What to produce: Copy the lines below exactly. No picture goes into the copy.

Input material:

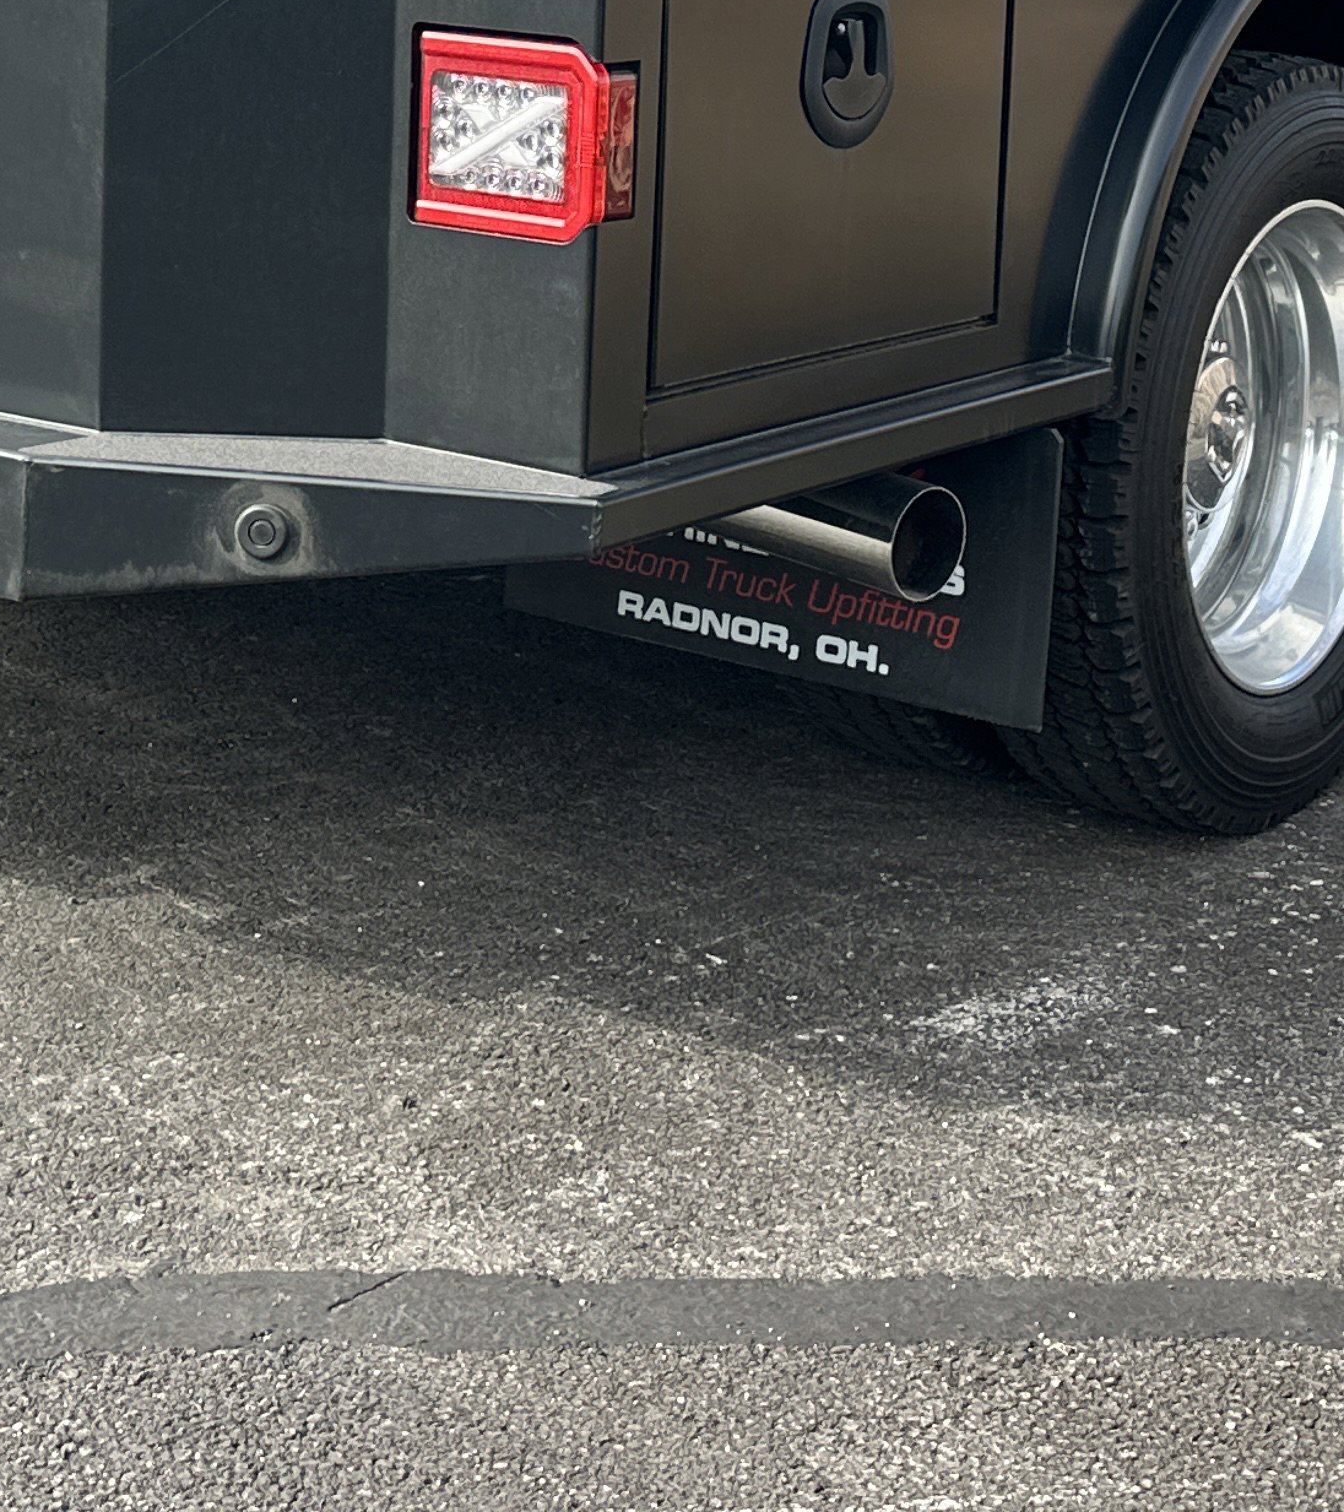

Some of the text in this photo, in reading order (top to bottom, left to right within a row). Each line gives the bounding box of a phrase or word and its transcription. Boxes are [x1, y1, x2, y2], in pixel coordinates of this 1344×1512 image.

[584, 544, 691, 585] ustom
[705, 555, 795, 607] Truck
[807, 578, 961, 650] Upfitting
[616, 589, 890, 676] RADNOR, OH.

Answer for this exercise:
Some of the text in this photo, in reading order (top to bottom, left to right within a row). Each line gives the bounding box of a phrase or word and its transcription. Boxes are [x1, y1, x2, y2], in pixel coordinates of this 1344×1512 image.

[584, 544, 691, 585] ustom
[705, 555, 795, 607] Truck
[807, 578, 961, 650] Upfitting
[616, 589, 890, 676] RADNOR, OH.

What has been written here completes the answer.